I agree that it's for the fans and meant to be entertaining, but there is one problem with just choosing exciting players. The Hall of Fame. A big contributing factor the Hall of Fame committee takes into account in determining a player's worthiness besides stats, and titles, is awards such as mvps, first/second team, defense teams, and all star appearances. Same with the NFL and the ProBowl. Guys like John Lynch, Vince Carter, Larry Allen and Grant Hill make the all star game regardless of merit. Do those 4 deserve to be in their respective hall of fames? When their careers are said and done, they'll have a nice case for it and a big reason is all star/pro bowls. Take away about 3 allstar/probowls from each and their case for the hof looks a lot different. Most of the time, the really deserving guys make it so it's not a big deal (the nfl needs to adopt the nba strategy of voting only starters and letting coaches do the rest) because the coaches know what they're doing. I'm not saying that the nba doesn't owe its fans some big highlight plays, but i don't think adding gerald wallace is gonna make a big difference especially since he's mainly a cult star because of his injuries, and inconsistant play. I doubt he'll ever be a big star in the league, and don't see him as an all star. We already have in our minds what an all star is. I don't think the fans are dissapointed in the all star game due to lack of cult/hip hop players playing. The all star game is an different game like you said, it's fun to see the big stars in the nba at their best. As boring (and amazing) as duncan and rip may be, they're big stars and most everyone knows them. It's fun to watch them play with eachother. Regardless of who is playing you'll have enough highlight dunks in the game, but i think more people watch just to see the stars. Everyone wants to see how the best players in the league play against eachother. The best all star games in recent memory, haven't been the ones with the most big plays, but the competitive ones. The year iverson and i think marbury lead a huge comeback against the west and took it down to the wire was awesome. People were going nuts. It's a lot better, longer lasting satisfaction than a quick alleyoop. Sorry to ignore your regular social/style/racial commentary in the article, although i enjoyed reading it, i just don't think changing the all star game to team of highlight machines is gonna make it better for the fans, or the players.
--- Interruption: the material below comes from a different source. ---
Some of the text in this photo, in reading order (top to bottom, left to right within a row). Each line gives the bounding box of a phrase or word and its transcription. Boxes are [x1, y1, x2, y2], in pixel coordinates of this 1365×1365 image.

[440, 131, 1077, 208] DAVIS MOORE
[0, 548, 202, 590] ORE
At 1/18/2006 5:03 PM, Blogger A-Wood said...

Dalembert over Jermaine O'Neal or Shaq? I think that's taking the whole style argument a little too far.

At 1/18/2006 5:04 PM, Anonymous Anonymous said...

i didn't change it to a team of highlight machines, i just left off the totally dull people and put gerald wallace on.

that was the best all-star game in recent memory, but like i said about iverson, it was a comeback of style. i think that, in order of most to least, people would like to see:

1. a competitive game with a lot of style
2. a reasonably competitive game with style
3. a very competitive game that's all low post footwork
4. a blowout

watching the stars play together is cool for about a quarter, but then it's just like having a bunch of your good friends who don't know each other in the same room. the only way for them to create any chemistry there is for everyone to overcome the weird, burdensom tension by being outgoing and outraegous as fuck.

At 1/18/2006 5:10 PM, Blogger Bethlehem Shoals said...

that was me, before i just fucked up the identity section. if no one got that.

i would rather watch dalembert than a beat-up, bloated, can't stop andrew bynum shaq. jermaine o'neal is a great guy but i can't take watching that jumper anymore.

look, some of these choices were ridiculous, and shaq obviously has to be there for personality's sake. but it's bullshit that the all-star game--taken at the halfway mark of a meaningless regular season--really stands for much of anything. they should be concerned about making the best all-star game they can, not pretending it has anything to do with the rest of basketball history or the season

At 1/18/2006 5:15 PM, Blogger Bethlehem Shoals said...

just dawned on me how much this all-star post has in common with this anti-spurs post from a year ago


At 1/18/2006 7:18 PM, Anonymous 412hater215 said...

yo i remember when AI rented out the Gallery. Everybody and their mom was in Center City. Cam'ron made a 3-point turn in the middle of the intersection of like 6th and South in front of City Blue and then Jermaine Dupri leaned out the window with his mini-cam (how those two ended up together in the car, i don't know) and put it all in my grill.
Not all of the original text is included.